Miércoles 1 de mayo de 2013

El trasiego mañanero es el de todos los días, Pepito y Mili peleándose por el baño, Ana, pacientemente mediando en la disputa.

Es mi casa, son mi familia, mis hijos, mi mujer.

Pero que estoy diciendo.

¡Despierta José!. ¡Ya nada es igual, todo ha cambiado!.

La casa, la familia, el trabajo. Todo eso pertenece al pasado. El ahora es distinto.

–Mamá, nos vamos.

Es Ana, se lleva a los niños. Me levanto y me termino de despertar con una ducha. Mila me observa desde la puerta del baño.

–Buenos días dormilón.

–Buenos días Mila, ¿Cómo estas hoy?

–Más tranquila. ¿Te lavo la espalda?

–Como quieras.

Entra y refriega mi espalda con la esponja. Me enjuago y salgo de la ducha. Mila me mira atentamente.

–¿Que miras?

–¿No puedo mirar a mi marido?

–Claro pero no puedes tocar.

–Lo sé. Solo miro. Has adelgazado.

–Bastante, he perdido cinco kilos en menos de un mes. Los cuernos deben ser una buena dieta.

–Ya estamos otra vez. Por favor, me haces daño.

–Dejémoslo así. Vamos a desayunar.

Se oye la puerta. Es Mariele. La muchacha que ayuda a Mila en la casa y en la cama.

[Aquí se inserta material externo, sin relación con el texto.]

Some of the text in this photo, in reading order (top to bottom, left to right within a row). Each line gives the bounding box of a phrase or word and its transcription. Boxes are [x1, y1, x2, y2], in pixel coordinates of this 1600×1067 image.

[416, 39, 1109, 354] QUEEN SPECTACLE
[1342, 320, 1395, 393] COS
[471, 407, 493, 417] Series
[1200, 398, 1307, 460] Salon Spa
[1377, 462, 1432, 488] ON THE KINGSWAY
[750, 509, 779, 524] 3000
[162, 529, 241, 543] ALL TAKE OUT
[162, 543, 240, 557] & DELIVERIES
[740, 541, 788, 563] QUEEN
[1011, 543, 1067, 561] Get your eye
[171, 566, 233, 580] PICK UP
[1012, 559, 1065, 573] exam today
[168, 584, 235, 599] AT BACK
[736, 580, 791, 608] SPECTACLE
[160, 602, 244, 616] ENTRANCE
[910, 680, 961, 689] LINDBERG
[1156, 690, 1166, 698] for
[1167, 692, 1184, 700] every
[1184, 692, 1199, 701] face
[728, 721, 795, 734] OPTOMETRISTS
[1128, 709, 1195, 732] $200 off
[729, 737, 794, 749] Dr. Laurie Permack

–¿Hay alguien? Donde estas Mila?

–Aquí, en el dormitorio.

–¿Ya estas dispuesta a coger mamita?

–Si me dejan ¿Por qué no?

–¿Y quién te lo va a impedir?

Entra en el dormitorio y me ve desnudo junto a Mila.

–Hay por dios, perdóneme usted señor, no sabía que estaba aquí y le gastaba una broma a su esposa. Me da pena verle desnudo señor.

–No te de vergüenza Mariele. Y no te preocupes. Sé lo que hay entre ustedes.

Y si estas dispuesta a coger, cogeremos, a mi me encantará. ¿Qué te parece Mila?

–Estoy dispuesta, llevo más de una semana sin correrme, si me dejas lo disfrutaré.

–Mariele, ¿te apetece?

–Hay señooor, estoy apenaada. Pero si no hay bronca por mi vale.

–Acercaos y acariciaos las dos. Me gusta veros.

Mila se acerca a Mariele y le besa los labios, le quita la ropa hasta dejarla desnuda. Se desnuda a su vez. Forman un bello cuadro, dos cuerpos, jóvenes, esbeltos, de piel suave como la seda, una blanca, la otra de tono canela, acariciándose. Se tienden en la cama.

–Mariele, sé que te atrae el fisting y a mí me gustaría aprender a practicarlo. Mila me guiará para no hacerte daño, ¿Qué te parece? ¿Mila me enseñarás?

–Estoy dispuesta si Mariele está de acuerdo.

–¡Ay! Señora no me hagan daaño. Me dolerá la chimba.

–No temas. Cuando quieras paramos.

–Mila colócate debajo y ella encima, en un sesenta y nueve.

Se colocan y se besan sus respectivas chimbas. Acaricio sus cuerpos con mis manos en sus pechos, sus pezones, sus nalgas. Me detengo en las de Mariele y beso su ojete. Mila intenta besarme pero solo le permito llegar a mi barbilla. Sigo hurgando con mi lengua. La chica no puede más y llega a su primer orgasmo. Llaman al portero. Será Marga me levanto y voy a abrir.

–Continuad, no os paréis.

Marga se sorprende al verme desnudo pero reacciona y me saluda con un beso en los labios.

–¿Qué estabais haciendo? ¿No os habréis liado verdad?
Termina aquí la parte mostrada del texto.